Hi BenWilde,
Are you able to solve the problem of redirect limit, even I am facing the same issue with IE 8 where in my application I have 14 redirects where IE8 stops processing after 10.
Thanks,
Venkat
BenWilde wrote:
Re: redirect limit
05-Nov-08
I completely understand
Thanks for your time anyway Dan!
Ben
"Daniel Crichton" wrote:
Previous Posts In This Thread:
On Wednesday, November 05, 2008 7:30 AM
BenWilde wrote:
redirect limit
Hi all ,
1. Can someone point me to the documentation that covers IEs redirect limits
in different versions ?
2. Can someone let me know how i can change the defaults?
This behaviour can be changed easily in firefox with the
network.http.redirection-limit prefernce (default 20)
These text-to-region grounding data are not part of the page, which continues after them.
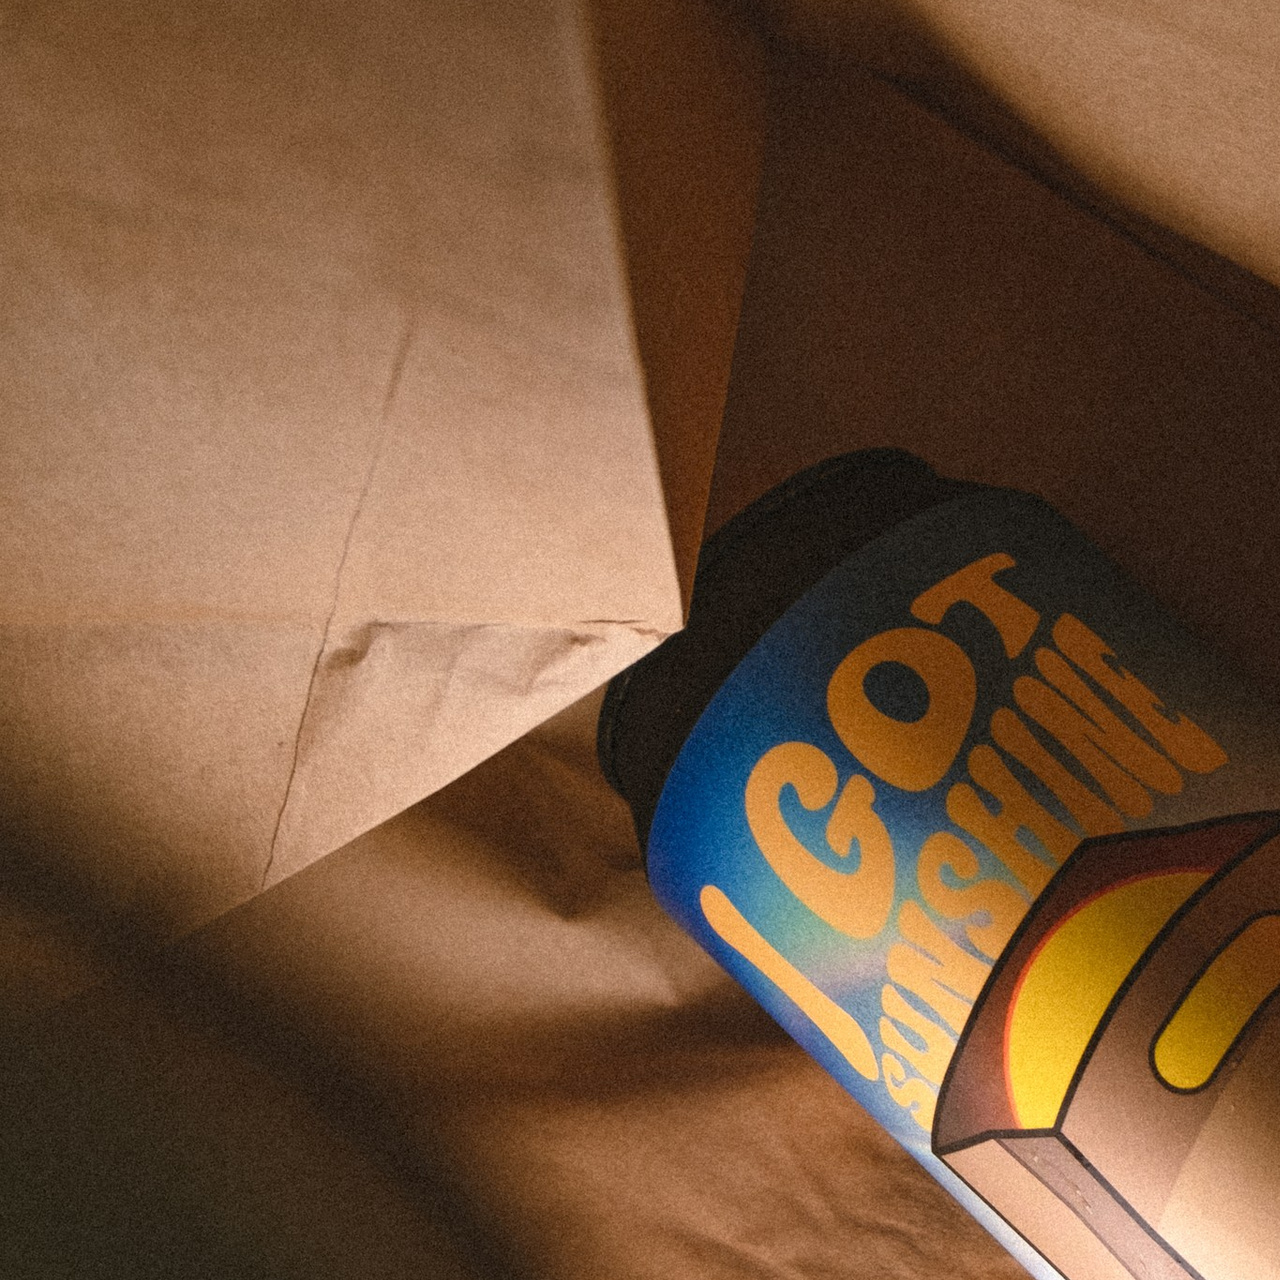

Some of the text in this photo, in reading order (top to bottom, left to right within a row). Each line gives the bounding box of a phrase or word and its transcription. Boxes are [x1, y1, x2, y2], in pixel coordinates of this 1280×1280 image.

[699, 552, 1041, 1081] I GOT
[879, 612, 1229, 1133] SUNSHINE
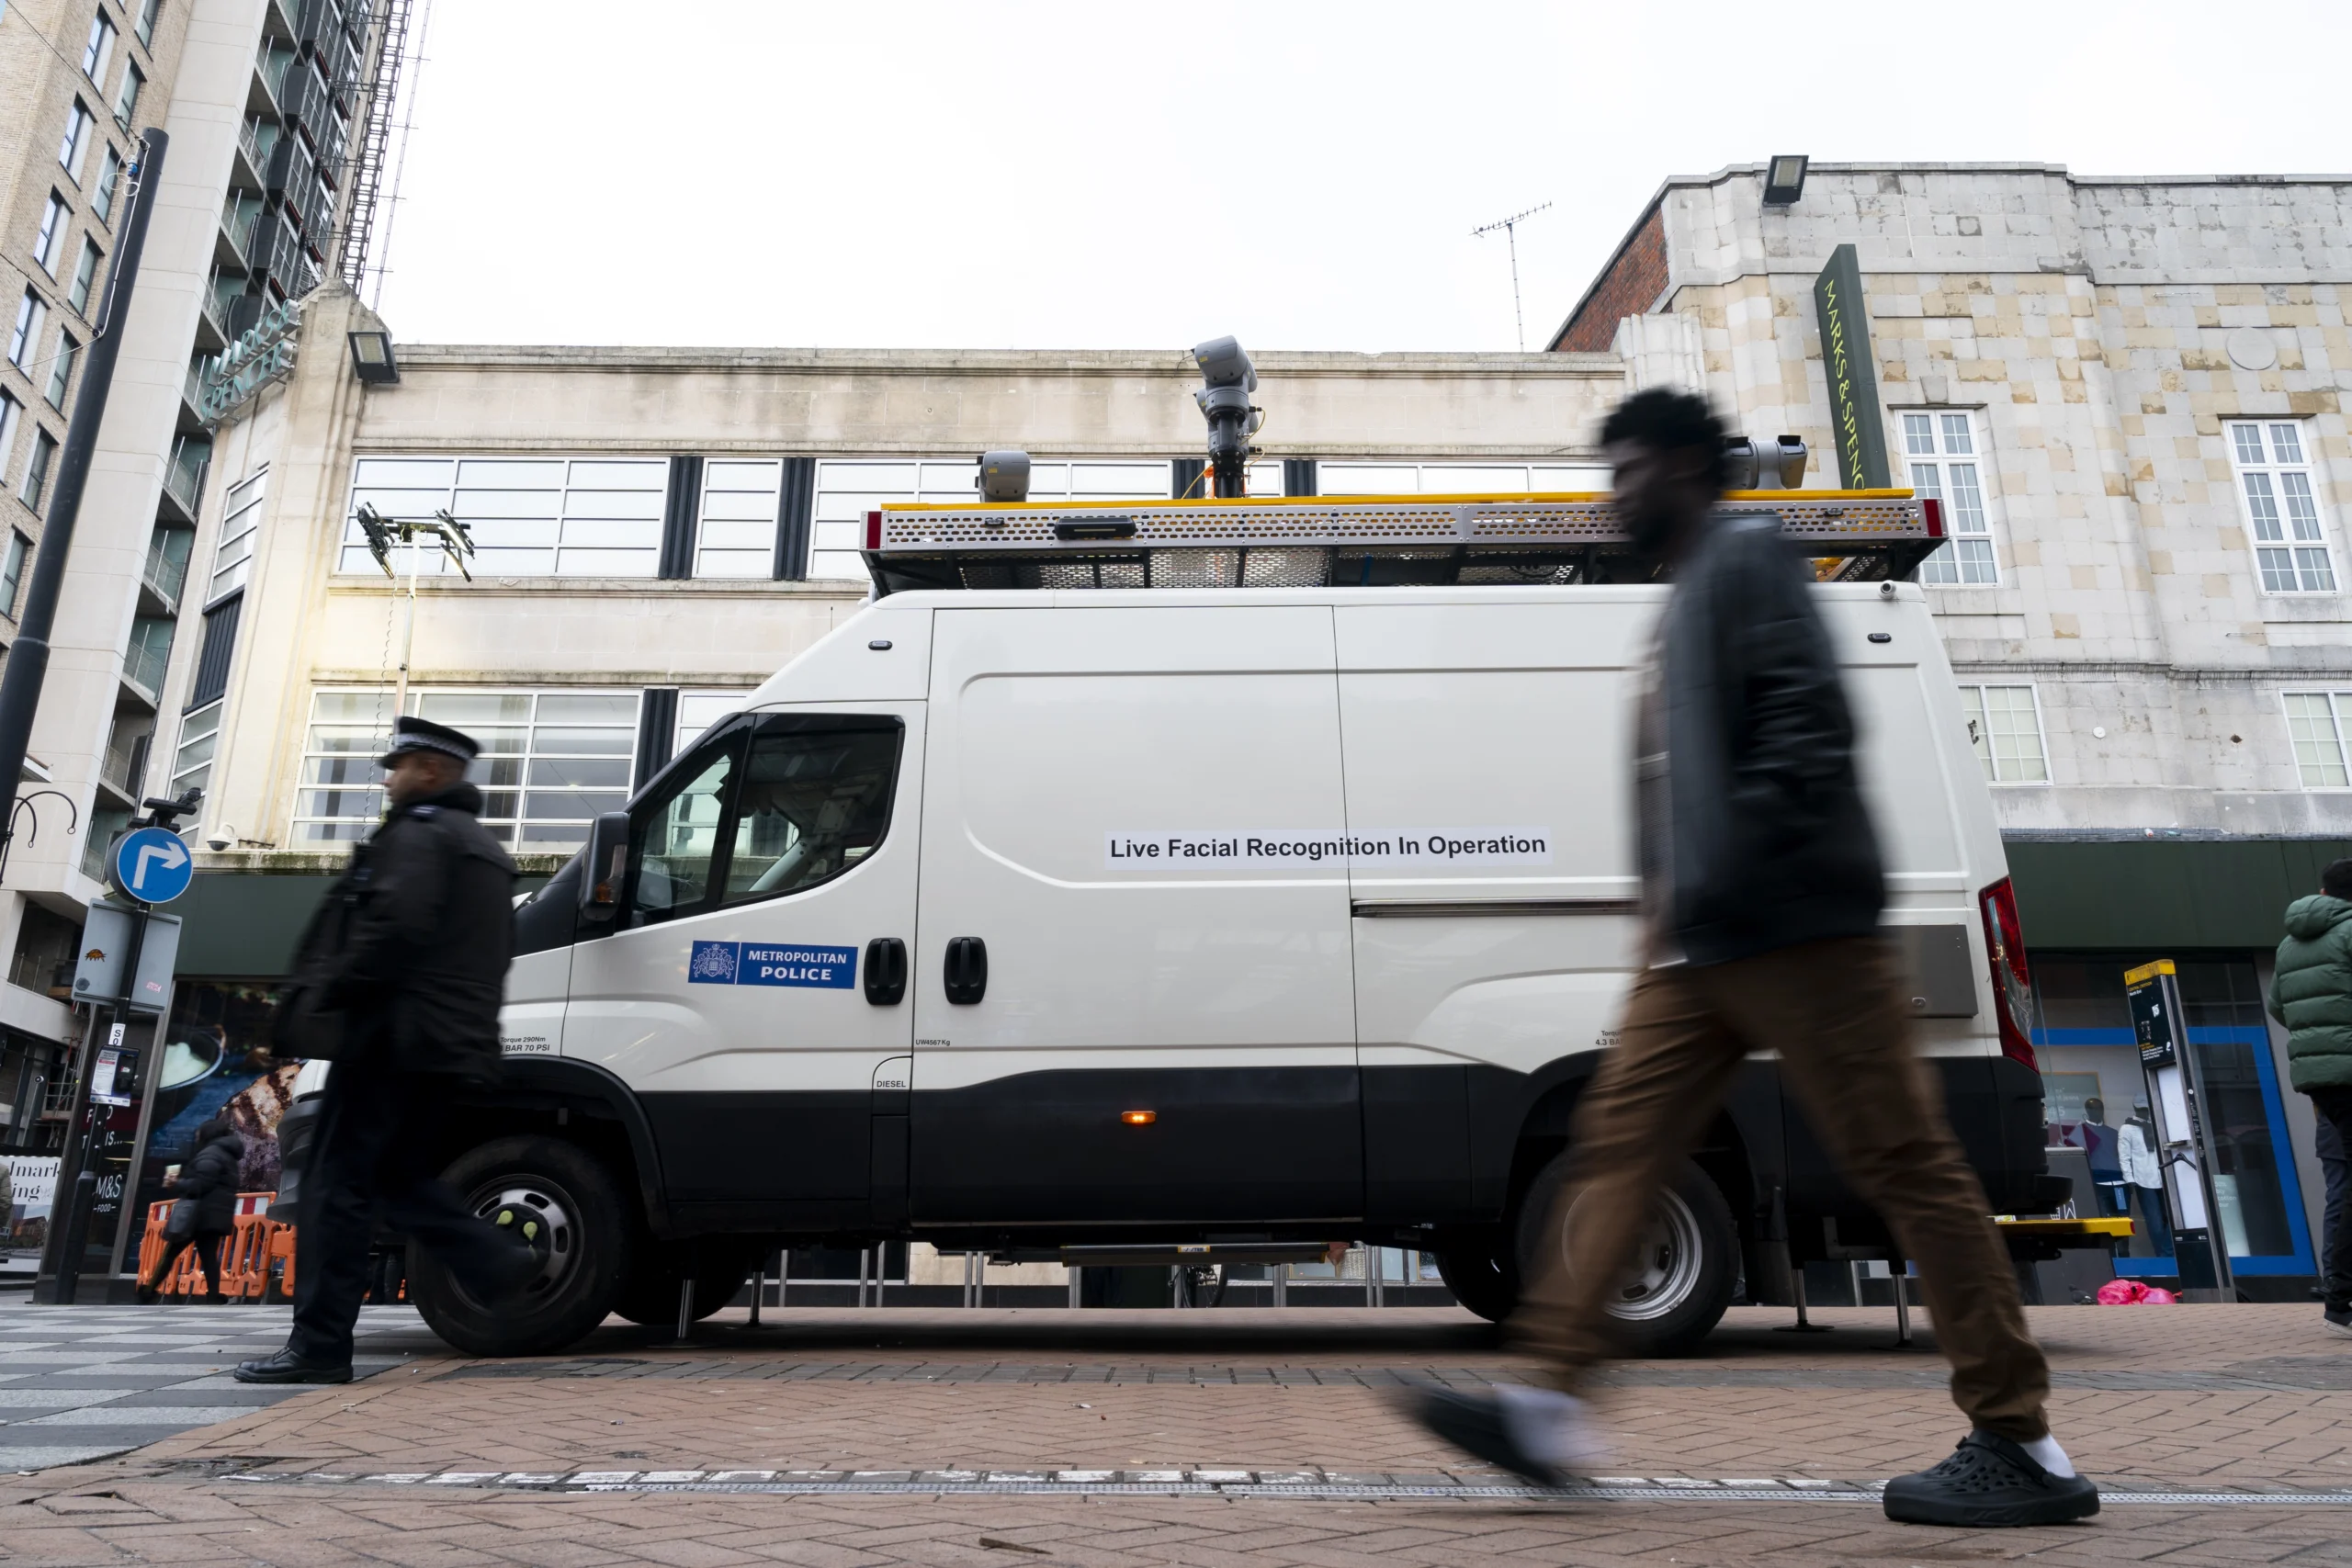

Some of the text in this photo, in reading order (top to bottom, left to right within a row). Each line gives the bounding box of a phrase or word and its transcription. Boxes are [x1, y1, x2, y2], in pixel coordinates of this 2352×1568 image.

[208, 309, 283, 387] MARKS
[1825, 278, 1848, 379] MARKS
[1839, 379, 1850, 403] &
[198, 339, 293, 426] SPENCER
[1110, 834, 1547, 861] Live Facial Recognition In Operation
[747, 949, 847, 964] METROPOLITAN
[760, 965, 832, 981] POLICE
[501, 1035, 547, 1044] Torque 290Nm
[536, 1043, 550, 1052] PSI
[96, 1173, 123, 1200] M&S
[96, 1203, 111, 1213] FOOD
It appears in my IE to be limited to 10. My IE version is 7.0.5730.11
Thanks
On Wednesday, November 05, 2008 8:02 AM
Daniel Crichton wrote:
Re: redirect limit
BenWilder wrote on Wed, 5 Nov 2008 04:30:02 -0800:
See
http://support.microsoft.com/kb/282402
And for older versions of IE, here:
http://support.microsoft.com/kb/183110
But I would suggest that you do not change this. FF's limit of 20 is already
overkill. The higher you set it, the more connections you open to a server
and the higher the potential for problems to occur (such as redirection
looping) or you might run into a server limit setting - for instance, on a
few of my own sites I run Apache with mod_cband and restrict connections to
a max of 5 per user to help stop one or two users who have fiddled with this
setting from impacting the performance for other users.
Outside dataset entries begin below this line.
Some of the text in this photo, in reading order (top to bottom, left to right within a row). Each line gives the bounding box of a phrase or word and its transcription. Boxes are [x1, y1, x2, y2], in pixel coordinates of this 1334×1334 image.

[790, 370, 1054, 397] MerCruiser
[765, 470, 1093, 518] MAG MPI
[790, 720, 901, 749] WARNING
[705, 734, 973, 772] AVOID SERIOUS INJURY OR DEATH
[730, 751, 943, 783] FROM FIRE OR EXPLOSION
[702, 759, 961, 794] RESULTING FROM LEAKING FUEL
Also, 2 is the value stated in RFC 2068 (HTTP 1.1) in section 9.1.2, so in
this case IE7 is following the RFC and Firefox is blatantly ignoring it.
Think about what you are doing before you going changing values because you
think it will help. In many cases the difference will be minimal and in some
cases you will actually degrade the performance.
--
Dan
On Wednesday, November 05, 2008 8:34 AM
BenWilde wrote:
Hi Dan, Many thanks for your response.
Hi Dan,
Many thanks for your response. I understand the complications that would
arrise by altering the settings. I am doing this as more of an investigation.
My scenario is trouble shooting some online Ad serving scenarios. What i am
experiencing is a long chain of redirects to deliver an Ad.
so you make a request, and this callsa number of ad servers that redirect
through a long chain.. presumably so that the user is "cookied" by all the
diferent vendors, and then ends up on the destination ad (finally)..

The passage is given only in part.